• _SUPPLIED DATA_:

——

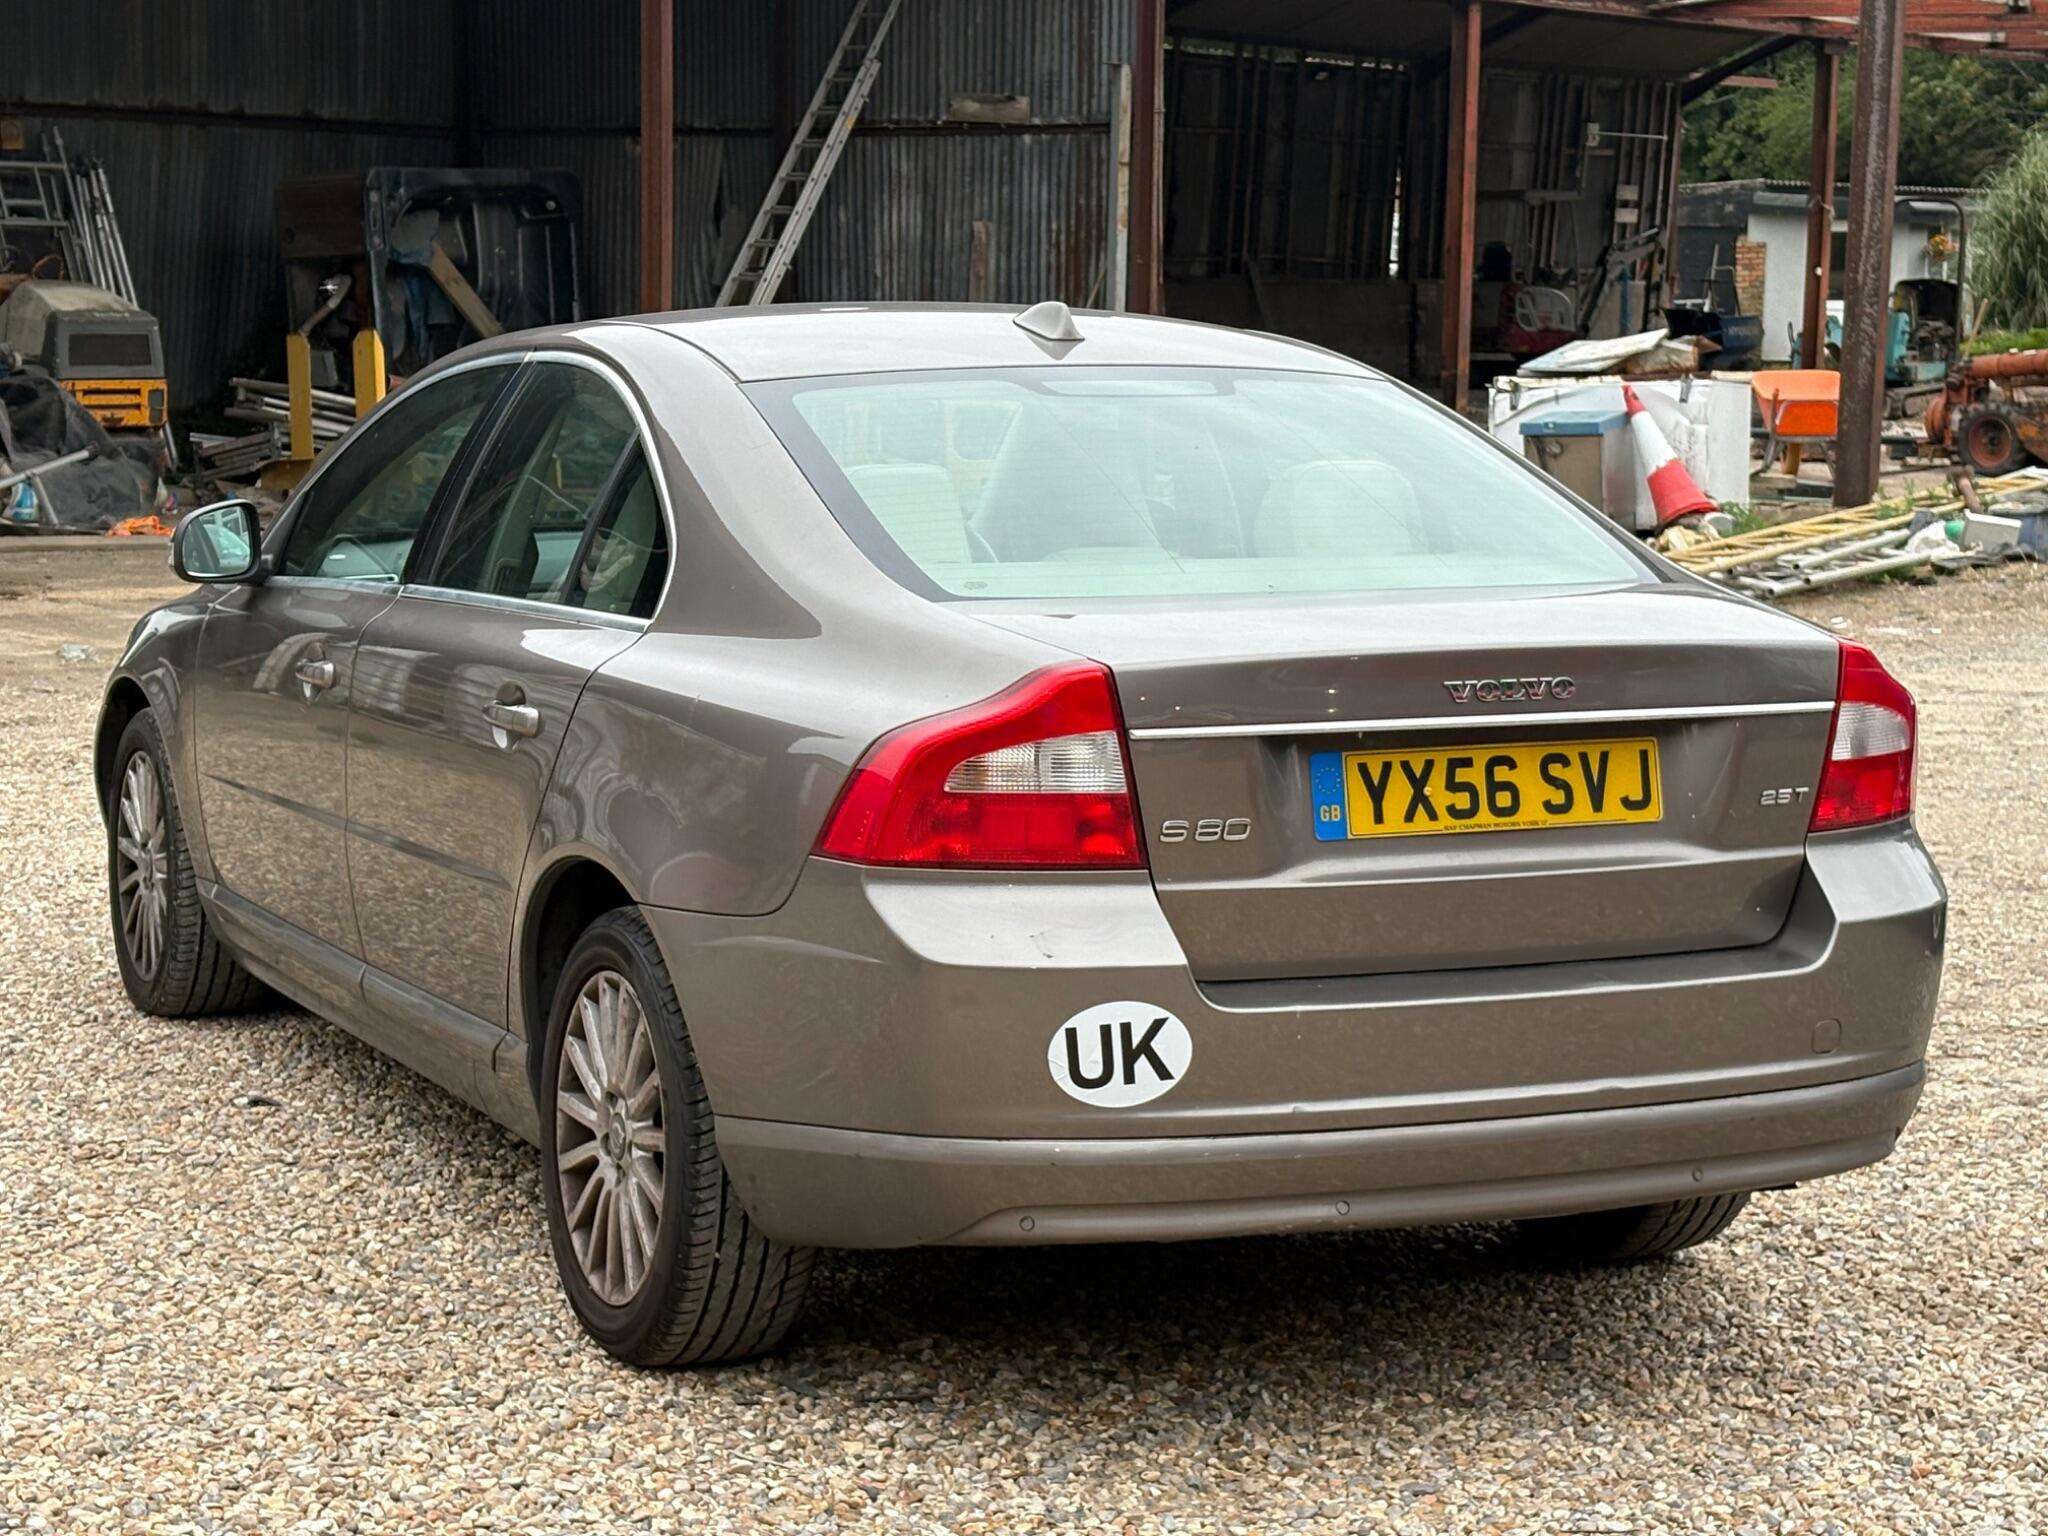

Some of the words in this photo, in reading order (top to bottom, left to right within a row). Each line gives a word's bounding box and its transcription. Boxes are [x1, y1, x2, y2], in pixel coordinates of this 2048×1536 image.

[1444, 677, 1576, 703] VOLVO
[1356, 753, 1521, 825] YX56
[1538, 748, 1653, 816] SVJ
[1320, 805, 1340, 821] GB
[1065, 1016, 1175, 1090] UK

——

• _EXERCISE REQUIREMENTS_: All of the data should come back exactly as written, but without pictures.

• _RESPONSE BOX_:
Some of the words in this photo, in reading order (top to bottom, left to right within a row). Each line gives a word's bounding box and its transcription. Boxes are [x1, y1, x2, y2], in pixel coordinates of this 2048×1536 image.

[1444, 677, 1576, 703] VOLVO
[1356, 753, 1521, 825] YX56
[1538, 748, 1653, 816] SVJ
[1320, 805, 1340, 821] GB
[1065, 1016, 1175, 1090] UK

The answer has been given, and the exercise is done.